* Task requirements
The entries that follow should be repeated exactly, with no pictures kept.
**** Supplied records ****
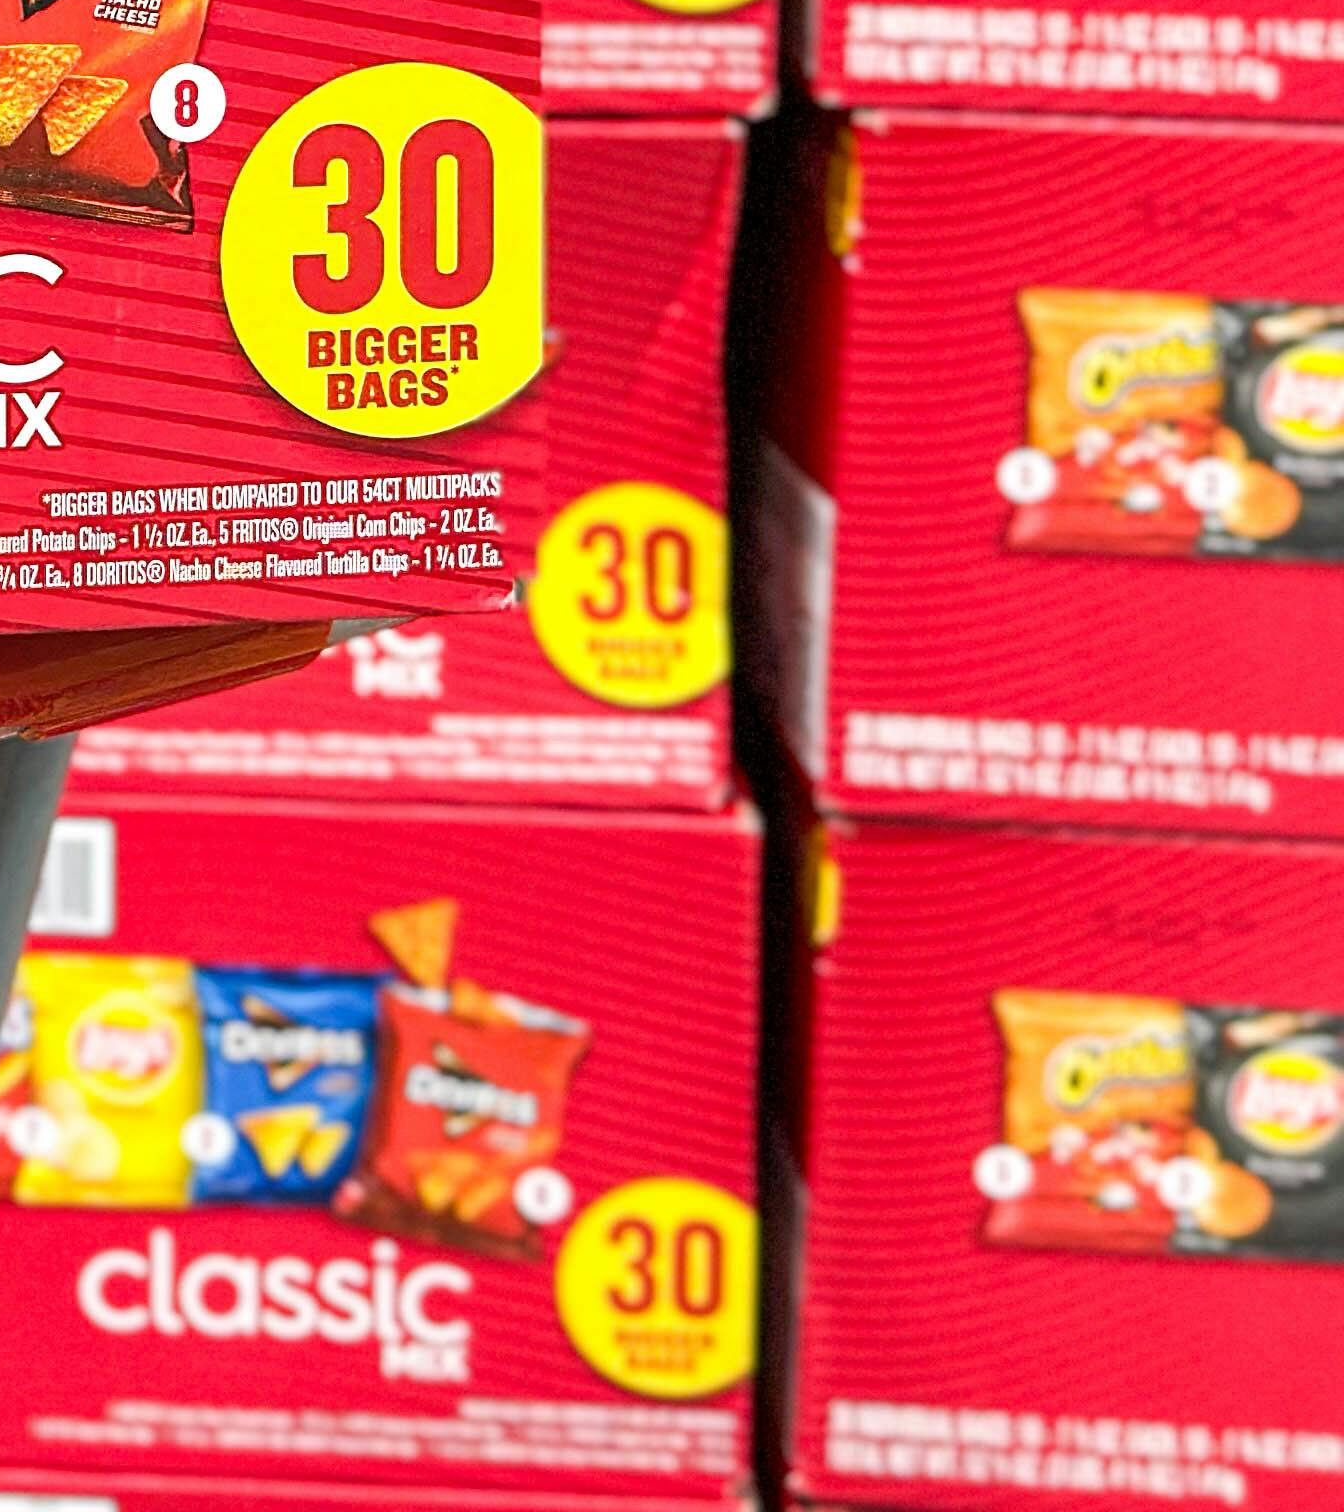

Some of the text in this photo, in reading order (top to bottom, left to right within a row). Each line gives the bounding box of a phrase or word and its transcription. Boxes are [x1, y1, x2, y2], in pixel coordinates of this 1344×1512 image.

[93, 5, 160, 26] CHEESE
[174, 79, 199, 127] 8
[291, 119, 495, 314] 30
[307, 329, 480, 369] BIGGER
[112, 490, 155, 515] BAGS
[159, 487, 207, 512] WHEN
[212, 483, 297, 509] COMPARED
[301, 482, 321, 505] TO
[326, 480, 358, 504] OUR
[363, 477, 402, 502] 54CT
[406, 472, 501, 500] MULTIPACKS
[33, 529, 75, 552] Potato
[80, 527, 115, 555] Chips
[303, 515, 353, 544] Original
[357, 514, 386, 537] Corn
[390, 512, 425, 540] Chips
[170, 558, 211, 582] Nacho
[215, 557, 262, 580] Cheese
[266, 552, 322, 577] Flavored
[325, 550, 369, 574] Tortilla
[373, 549, 408, 576] Chips
[483, 543, 502, 566] Ea.
[579, 525, 693, 624] 30
[78, 1229, 471, 1343] classic
[607, 1219, 724, 1317] 30
****
* Result below
Some of the text in this photo, in reading order (top to bottom, left to right within a row). Each line gives the bounding box of a phrase or word and its transcription. Boxes are [x1, y1, x2, y2], in pixel coordinates of this 1344×1512 image.

[93, 5, 160, 26] CHEESE
[174, 79, 199, 127] 8
[291, 119, 495, 314] 30
[307, 329, 480, 369] BIGGER
[112, 490, 155, 515] BAGS
[159, 487, 207, 512] WHEN
[212, 483, 297, 509] COMPARED
[301, 482, 321, 505] TO
[326, 480, 358, 504] OUR
[363, 477, 402, 502] 54CT
[406, 472, 501, 500] MULTIPACKS
[33, 529, 75, 552] Potato
[80, 527, 115, 555] Chips
[303, 515, 353, 544] Original
[357, 514, 386, 537] Corn
[390, 512, 425, 540] Chips
[170, 558, 211, 582] Nacho
[215, 557, 262, 580] Cheese
[266, 552, 322, 577] Flavored
[325, 550, 369, 574] Tortilla
[373, 549, 408, 576] Chips
[483, 543, 502, 566] Ea.
[579, 525, 693, 624] 30
[78, 1229, 471, 1343] classic
[607, 1219, 724, 1317] 30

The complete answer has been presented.